[[ INPUT FOR THIS TASK, beginning ]]
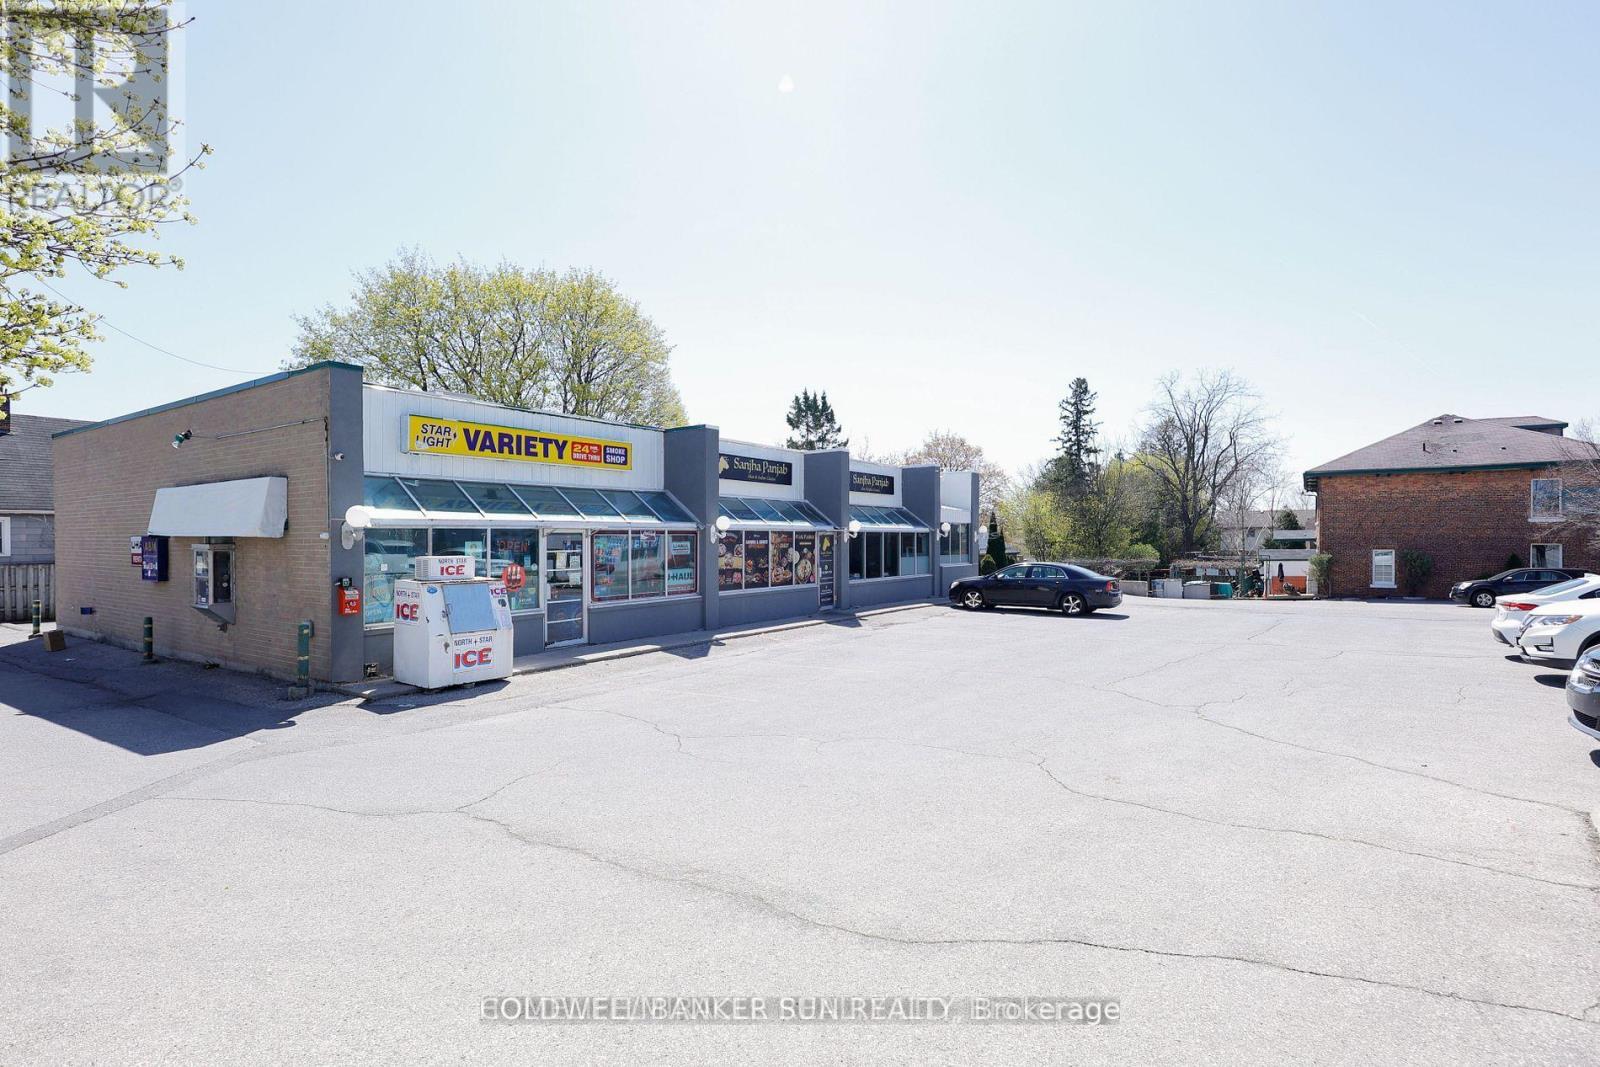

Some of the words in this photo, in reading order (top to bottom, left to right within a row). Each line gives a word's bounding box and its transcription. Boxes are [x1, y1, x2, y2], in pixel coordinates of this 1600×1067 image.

[421, 424, 452, 437] STAR
[463, 428, 568, 460] VARIETY
[573, 444, 590, 454] 24
[606, 447, 626, 455] SMOKE
[606, 455, 626, 463] SHOP
[733, 457, 762, 473] Sanjha
[499, 540, 529, 552] OPEN
[440, 565, 466, 576] ICE
[490, 587, 507, 596] ICE
[396, 603, 419, 621] ICE
[454, 639, 473, 647] NORTH
[479, 635, 493, 644] STAR
[454, 648, 492, 669] ICE
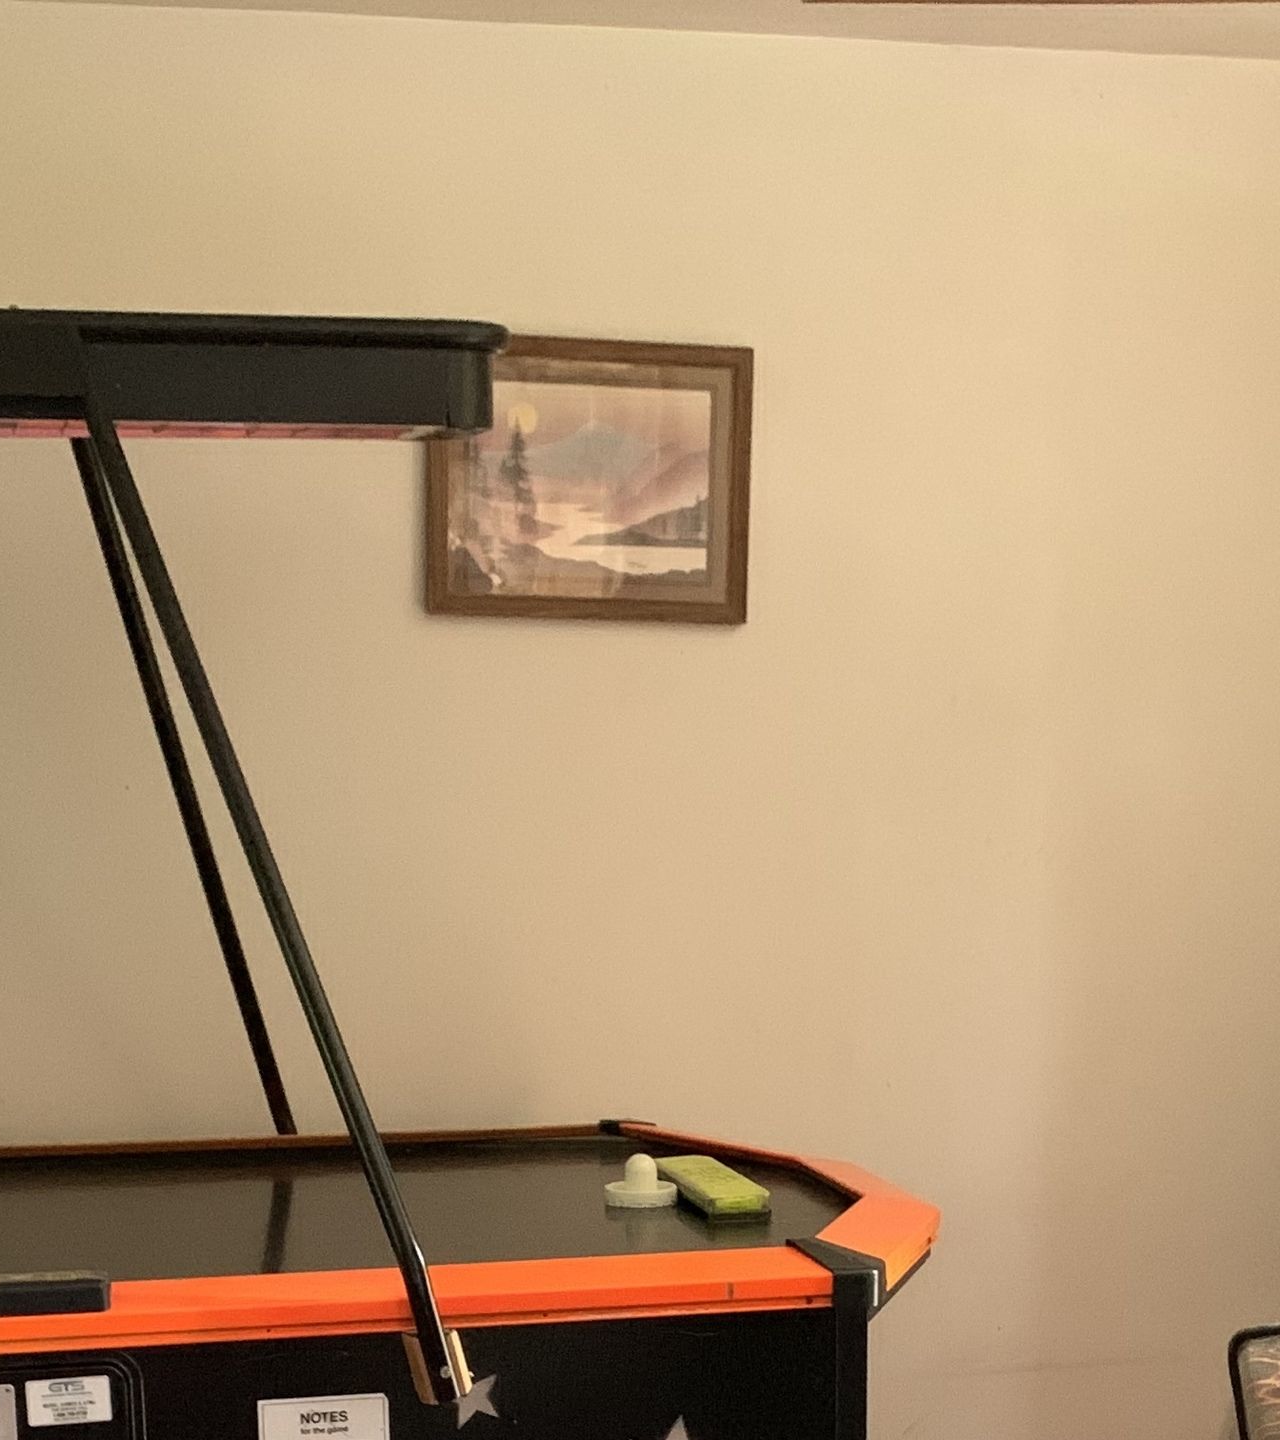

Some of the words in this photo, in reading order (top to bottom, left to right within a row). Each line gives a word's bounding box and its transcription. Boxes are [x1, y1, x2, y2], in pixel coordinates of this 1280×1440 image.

[48, 1381, 85, 1392] GTS
[300, 1410, 349, 1424] NOTES
[313, 1426, 325, 1434] the
[327, 1425, 349, 1434] game
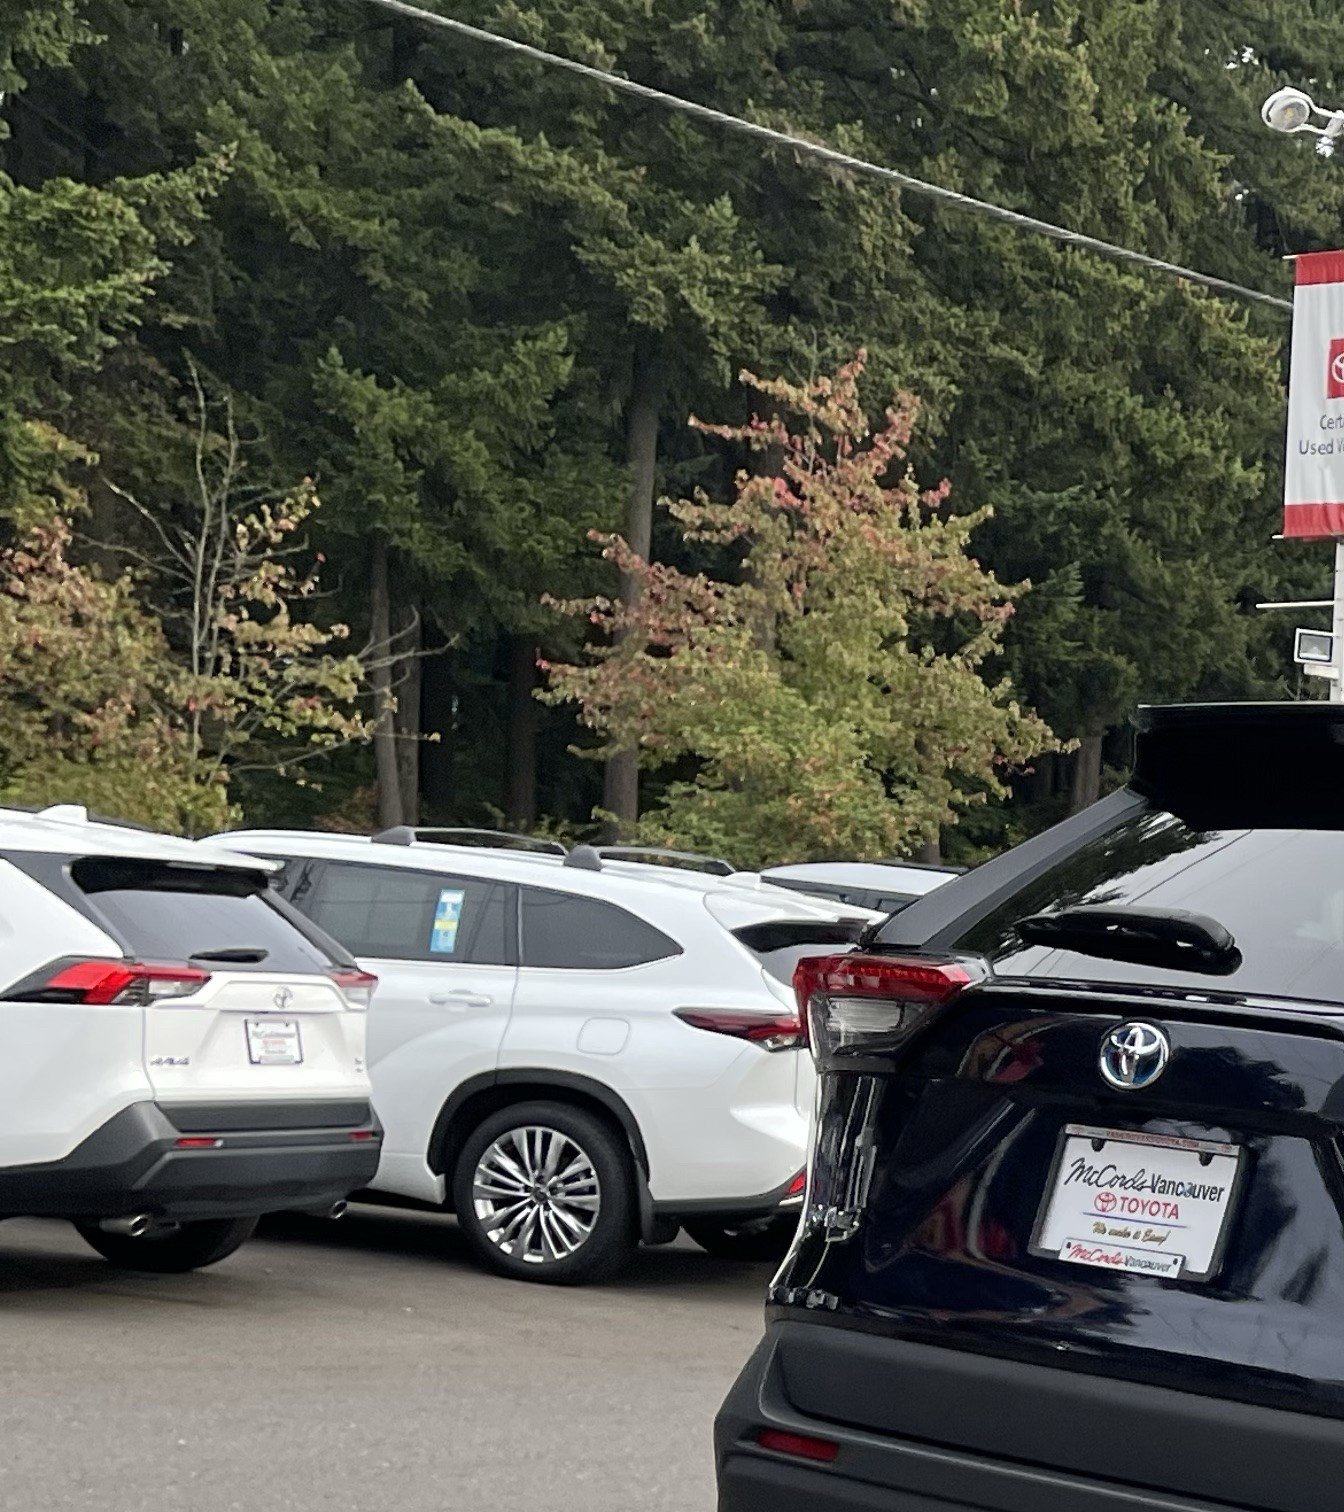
[[ INPUT FOR THIS TASK, end ]]
PROBLEM
Each entry above must come back exactly as written. Drop the images.

WRITTEN RESPONSE
Some of the words in this photo, in reading order (top to bottom, left to right within a row). Each line gives a word's bounding box and its transcription. Boxes are [x1, y1, x2, y2], in pixel coordinates of this 1600×1067 image.

[421, 424, 452, 437] STAR
[463, 428, 568, 460] VARIETY
[573, 444, 590, 454] 24
[606, 447, 626, 455] SMOKE
[606, 455, 626, 463] SHOP
[733, 457, 762, 473] Sanjha
[499, 540, 529, 552] OPEN
[440, 565, 466, 576] ICE
[490, 587, 507, 596] ICE
[396, 603, 419, 621] ICE
[454, 639, 473, 647] NORTH
[479, 635, 493, 644] STAR
[454, 648, 492, 669] ICE

Some of the words in this photo, in reading order (top to bottom, left to right within a row). Each line gives a word's bounding box and its transcription. Boxes are [x1, y1, x2, y2], in pixel coordinates of this 1280×1440 image.

[48, 1381, 85, 1392] GTS
[300, 1410, 349, 1424] NOTES
[313, 1426, 325, 1434] the
[327, 1425, 349, 1434] game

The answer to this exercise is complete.